**Task description**
Extract every entry word for word. Skip the pictures.

Saved data entries

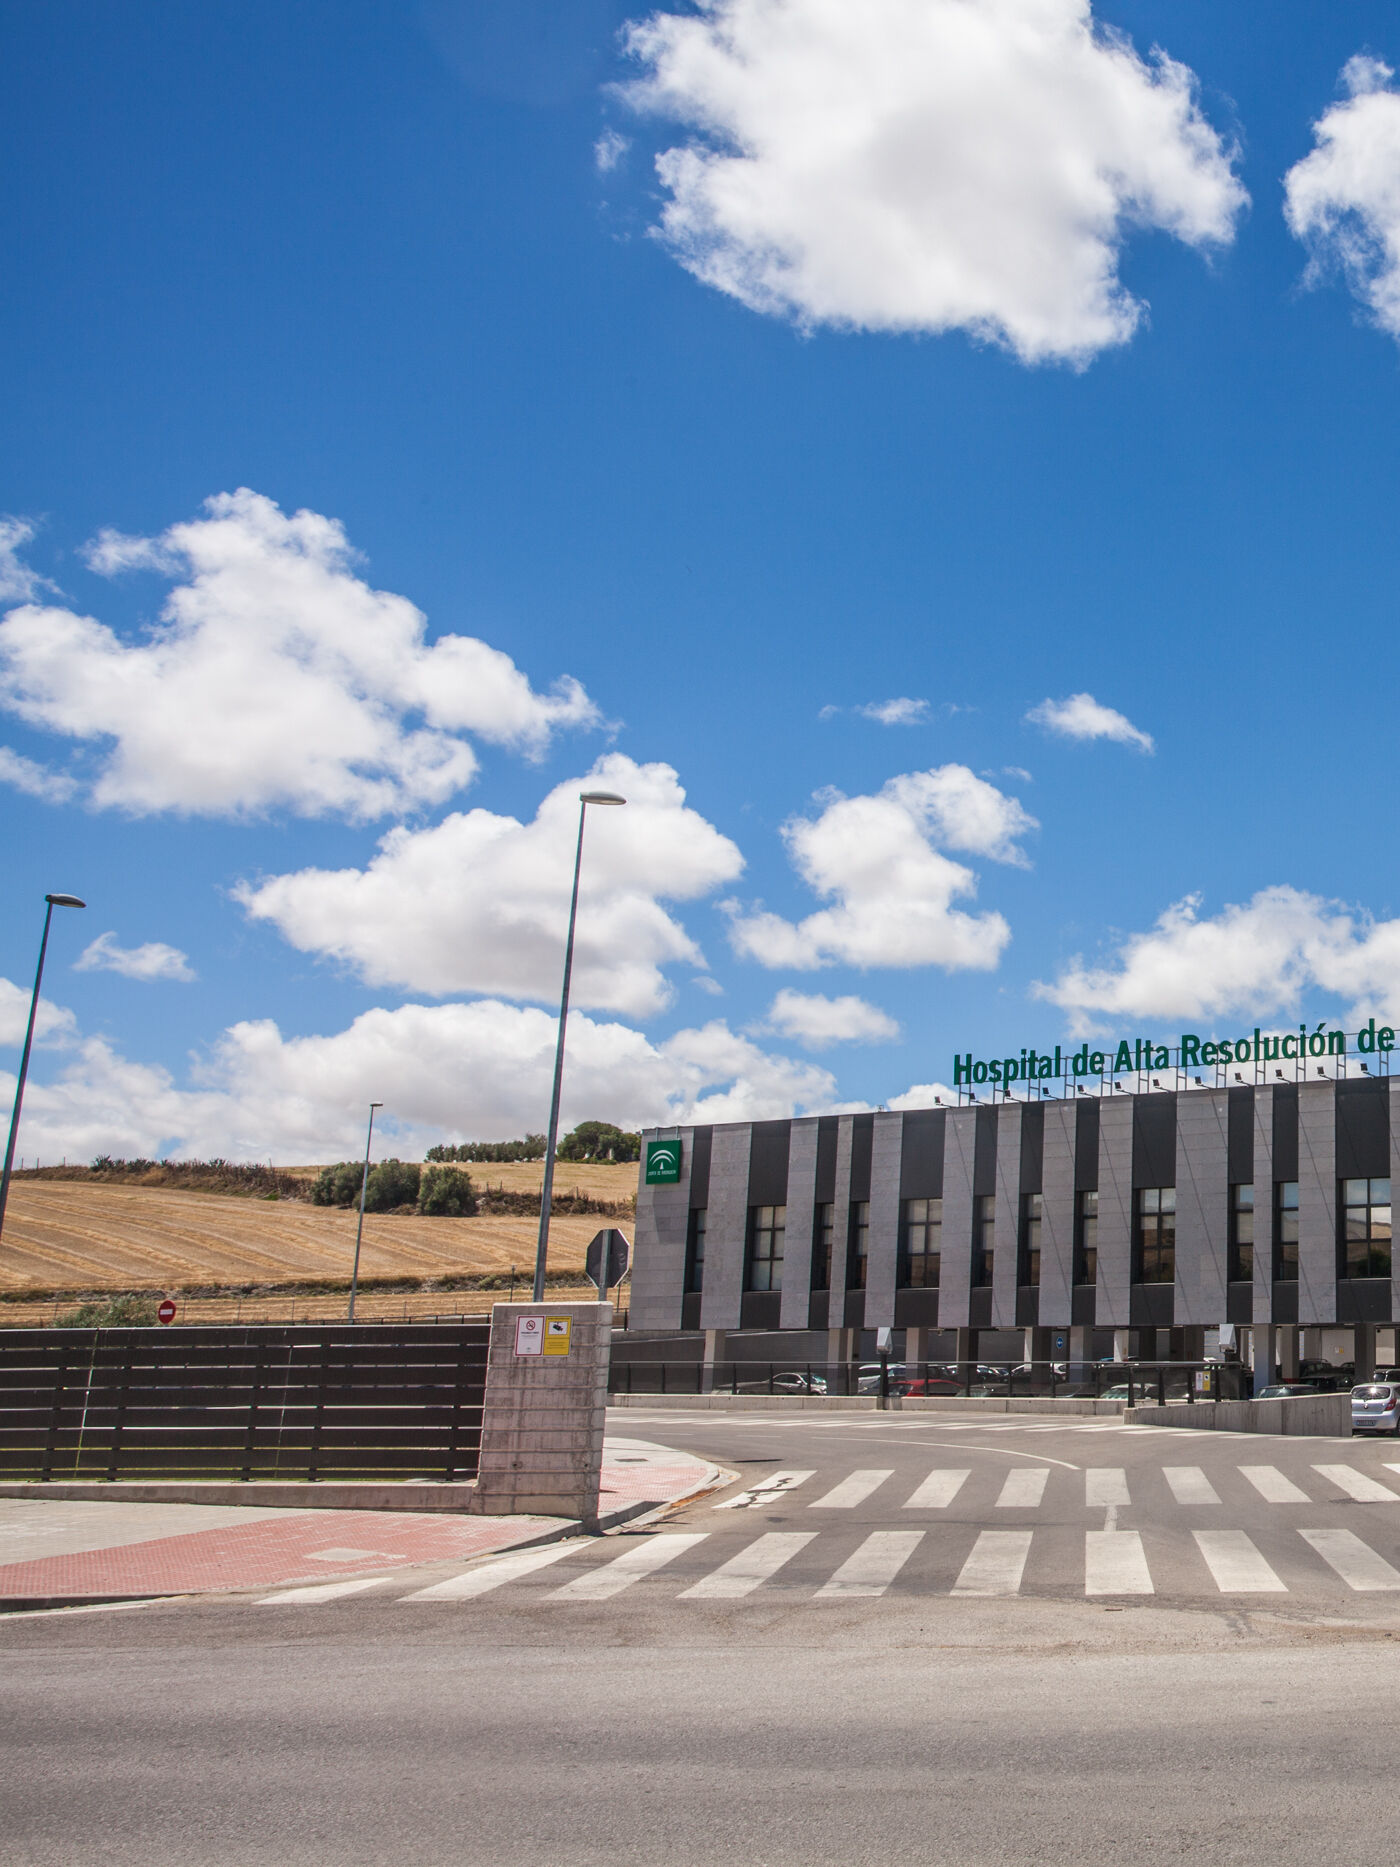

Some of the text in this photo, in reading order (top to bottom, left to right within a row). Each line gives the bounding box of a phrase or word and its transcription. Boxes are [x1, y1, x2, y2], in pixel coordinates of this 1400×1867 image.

[954, 1046, 1061, 1091] Hospital
[1072, 1044, 1104, 1077] de
[1114, 1038, 1169, 1073] Alta
[1181, 1023, 1345, 1067] Resolución
[1358, 1018, 1395, 1053] de

**Problem solution**
Some of the text in this photo, in reading order (top to bottom, left to right within a row). Each line gives the bounding box of a phrase or word and its transcription. Boxes are [x1, y1, x2, y2], in pixel coordinates of this 1400×1867 image.

[954, 1046, 1061, 1091] Hospital
[1072, 1044, 1104, 1077] de
[1114, 1038, 1169, 1073] Alta
[1181, 1023, 1345, 1067] Resolución
[1358, 1018, 1395, 1053] de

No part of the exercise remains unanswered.